Yailé Balloqui Bonzón
Cerremos los ojos e imaginémonos por un instante a 250 millones de personas buscando otro lugar para vivir. Desolador paisaje que no es solo una imagen en nuestro cerebro.

En el mundo se calcula que existen más de 22 millones de refugiados y 30 millones de desplazados dentro o fuera de las fronteras de sus estados. En estas estadísticas, los gobiernos no tienen oficialmente en cuenta una categoría poco convencional y que es cada vez más frecuente por estos tiempos: los «refugiados ambientales» que hoy podrían, incluso, llegar a ser más que los refugiados que dejan las guerras y los conflictos armados.

Se estima que existen hoy 25 millones de personas desplazadas forzosamente de sus hogares por sequías, desertificación, erosión de los suelos, accidentes industriales y otras causas medioambientales. Para 2010 podrían ser ya 50 millones y luego de diez años esta cifra podría aumentar tres veces más.

Hasta el momento la mayor parte de las evacuaciones se han producido en aldeas, pero algunas ciudades enteras ya han tenido que ser relocalizadas, por ejemplo, la capital de Yemen; o Quetta, la capital de la provincia de Baluchistán en Paquistán.
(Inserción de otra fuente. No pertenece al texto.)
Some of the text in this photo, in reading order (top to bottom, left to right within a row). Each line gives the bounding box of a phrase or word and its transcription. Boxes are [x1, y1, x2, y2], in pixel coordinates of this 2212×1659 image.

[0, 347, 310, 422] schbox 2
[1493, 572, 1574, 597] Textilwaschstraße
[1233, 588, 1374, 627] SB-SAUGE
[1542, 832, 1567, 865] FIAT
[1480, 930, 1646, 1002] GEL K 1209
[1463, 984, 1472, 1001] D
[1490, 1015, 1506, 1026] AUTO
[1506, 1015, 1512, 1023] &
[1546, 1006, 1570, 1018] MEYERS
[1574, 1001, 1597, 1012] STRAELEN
En Sana’a, por ejemplo, donde el nivel de agua potable está descendiendo seis metros por año, se prevé el agotamiento de este recurso antes del 2010. Quetta puede tener agua suficiente para abastecerse durante lo que queda de esta década, pero después su futuro está en duda.

El deterioro ecológico acompaña a las hambrunas y los conflictos armados que también provocan repercusiones medioambientales de enorme gravedad. Es el impacto humano en el medio ambiente lo que más agrava la intensidad de los desastres naturales y son los pobres quienes más sufren las consecuencias.
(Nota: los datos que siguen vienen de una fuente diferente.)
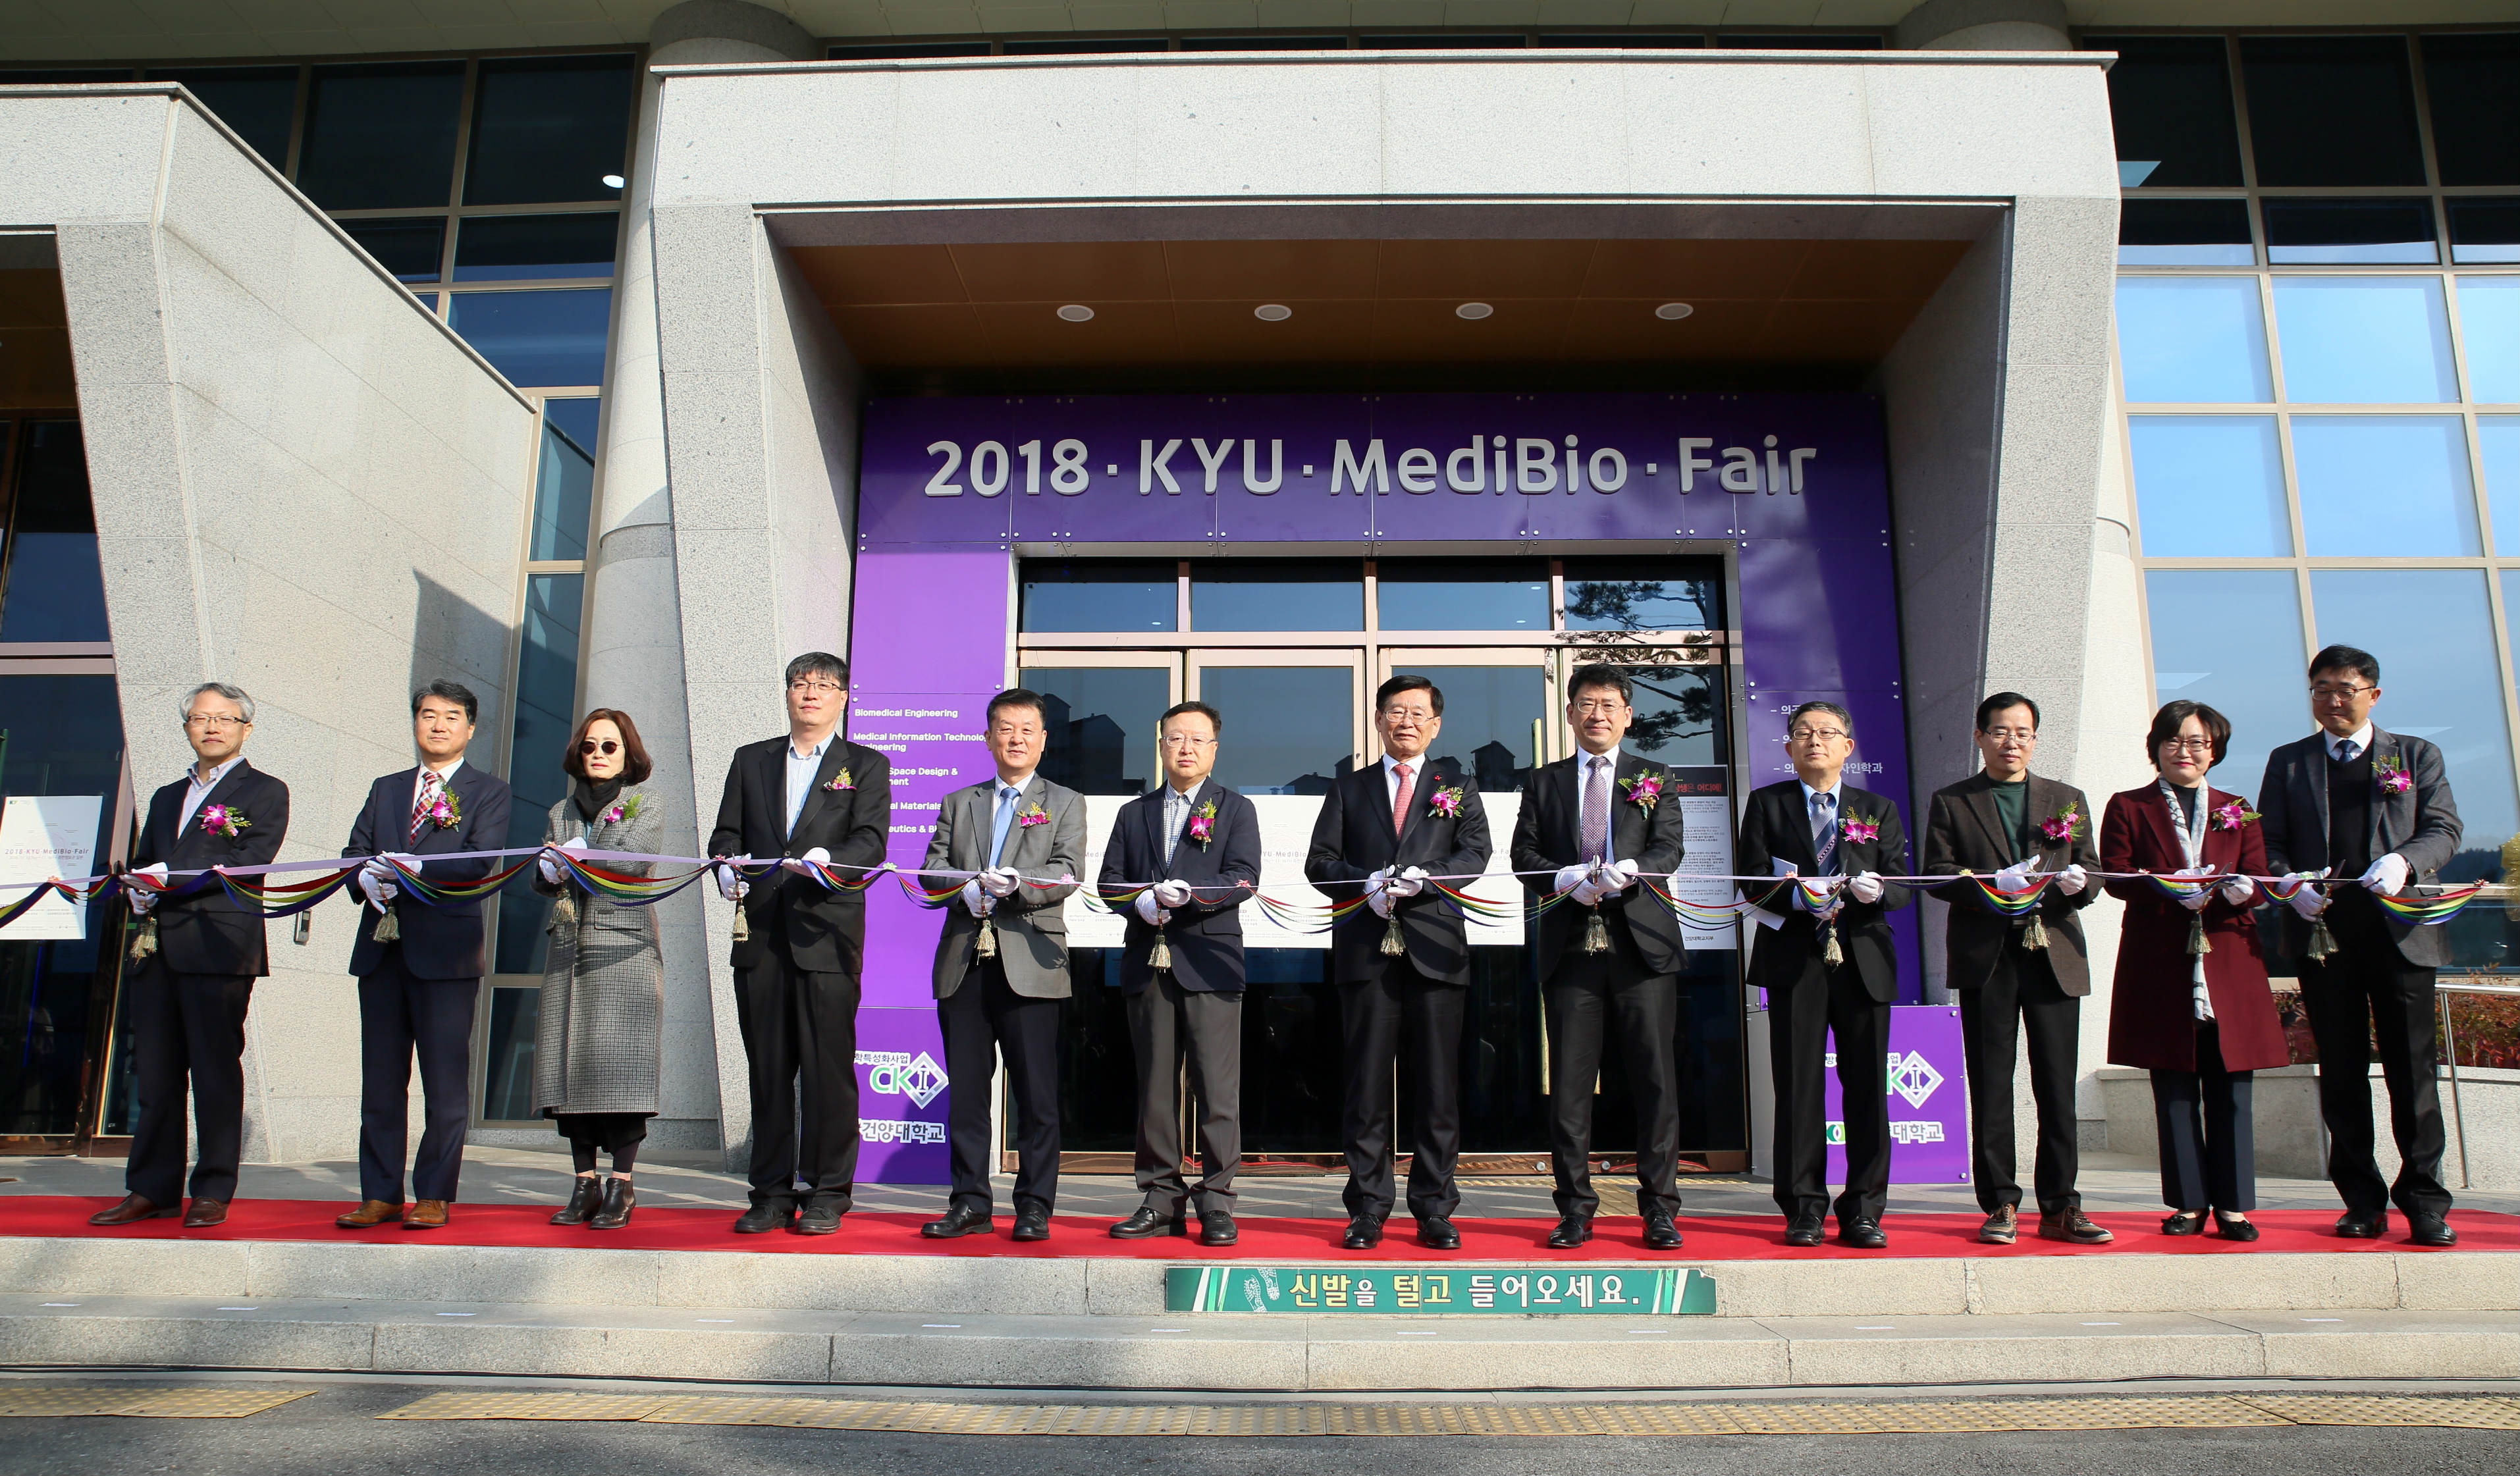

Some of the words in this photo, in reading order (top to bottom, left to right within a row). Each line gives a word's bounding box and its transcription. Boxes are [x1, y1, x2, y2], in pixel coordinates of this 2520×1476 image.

[925, 438, 1090, 496] 2018
[1139, 438, 1283, 495] KYU
[1329, 435, 1628, 496] MediBio
[1678, 434, 1817, 495] Fair
[854, 708, 902, 717] Biomedical
[904, 708, 958, 718] Engineering
[853, 732, 888, 741] Medical
[888, 732, 942, 741] Information
[889, 767, 917, 777] Space
[918, 767, 949, 777] Design
[951, 767, 958, 776] &
[899, 801, 942, 810] Materials
[919, 825, 926, 833] &
[862, 1121, 944, 1141] 건양대학교
[1893, 1123, 1943, 1140] 대학교
[1288, 1273, 1378, 1309] 신발을
[1392, 1274, 1453, 1309] 털고
[1466, 1274, 1640, 1309] 들어오세요.
Pero los refugiados ambientales no solo son víctimas de los desastres naturales. Muchas veces es la mano del hombre la culpable de estos éxodos, cuyos damnificados no suelen recibir ayudas y mucho menos indemnizaciones.

Son habituales los vertimientos de petróleo o sustancias químicas en ríos o costas, que afectan la supervivencia de los habitantes, destrozan su hábitat y hasta su modo de alimentación básica.
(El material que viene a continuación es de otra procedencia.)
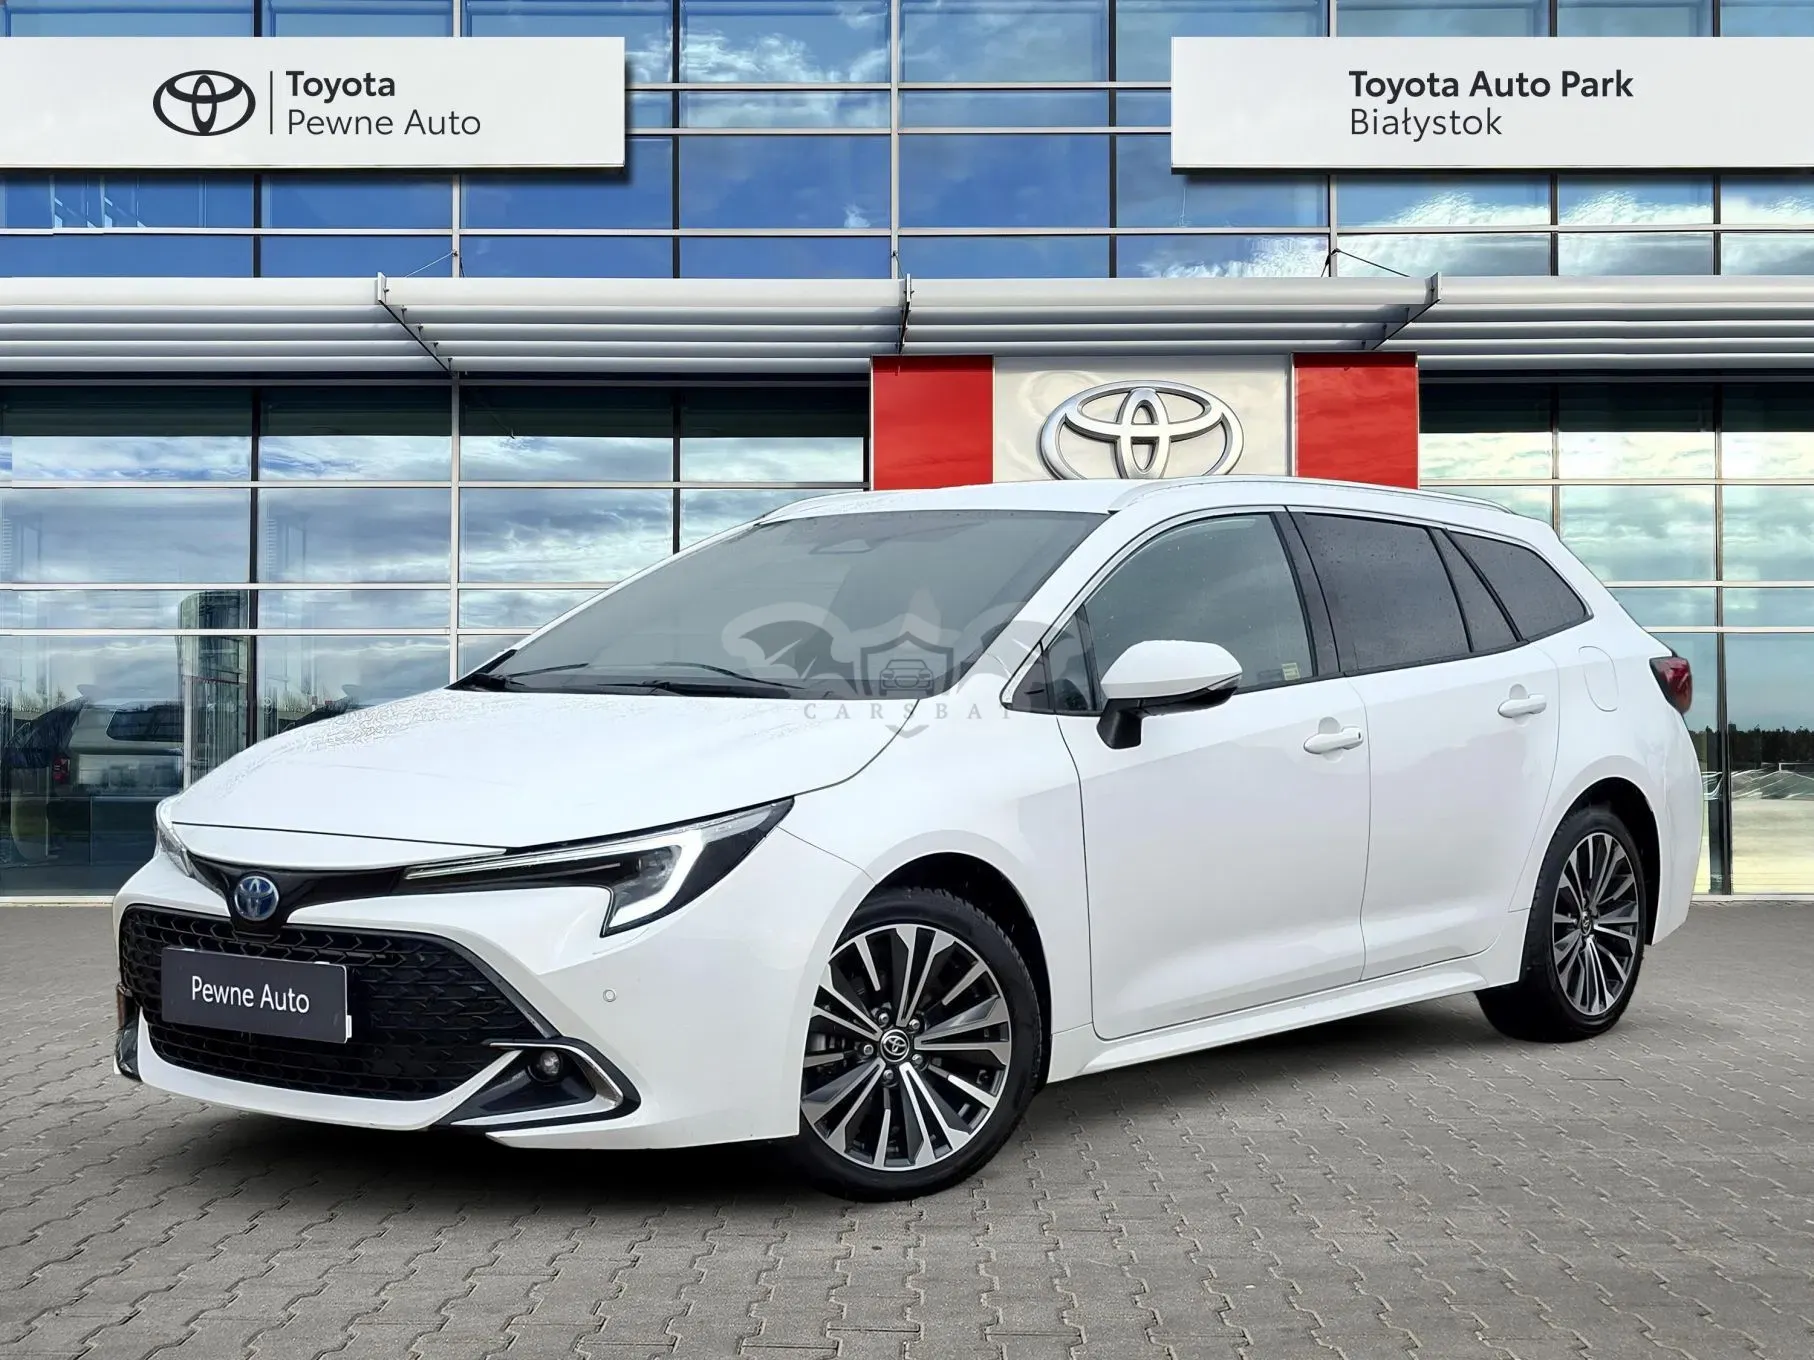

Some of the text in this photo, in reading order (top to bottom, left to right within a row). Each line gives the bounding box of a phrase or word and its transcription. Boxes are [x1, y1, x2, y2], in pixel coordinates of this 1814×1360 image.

[285, 70, 396, 104] Toyota
[1348, 69, 1634, 105] Toyota Auto Park
[288, 108, 481, 136] Pewne Auto
[1351, 106, 1503, 143] Białystok
[191, 975, 311, 1015] Pewne Auto
La deforestación de los bosques o la desertificación también obliga a muchas comunidades y familias a dejar sus hogares y los convierte en campesinos sin tierra y errantes, en busca de un lugar habitable.

Otra fuente de refugiados, potencialmente enorme, es el aumento del nivel del mar. Hasta hace poco tiempo se pronosticaba que los océanos podrían elevar su nivel casi un metro durante este siglo. Pero investigaciones recientes indican que el hielo de los casquetes polares se está derritiendo mucho más rápidamente de lo que se esperaba, por lo que el aumento del nivel de las aguas oceánicas sería, incluso, mucho mayor que el previsto.

De cualquier manera, un ascenso de un metro inundaría la mitad de los campos de arroz de Bangladesh, forzando la relocalización de 40 millones de personas. En un país ya densamente poblado con 144 millones de pobladores, la reubicación interna no parece ser tarea fácil. Pero, ¿adónde pueden ir? ¿Cuántos países aceptarían tan solo un millón de refugiados de estos 40 millones? Otras naciones asiáticas, con sus plantaciones del grano en las márgenes de los ríos, incluyendo China, India, Indonesia, Paquistán, Filipinas, Corea del Sur, Tailandia y Vietnam, podrían alzar las cifras del éxodo causado por el levantamiento del nivel de los mares a centenares de millones.

El flujo de refugiados causado por la escasez de agua y la desertificación están en sus inicios. Cuán grandes llegarán a ser estas oleadas y lo que conllevará la elevación de los mares aún está por ver, pero los números pueden ser enormes.

Esto no es más que otro indicador, que nos revela la necesidad de un esfuerzo mundial, entre otras prioridades, para crear las condiciones sociales necesarias, acordar una estrategia energética que corte las emisiones de dióxido de carbono que intoxican la atmósfera, y estabilizar el clima en la Tierra, nuestro gran hogar.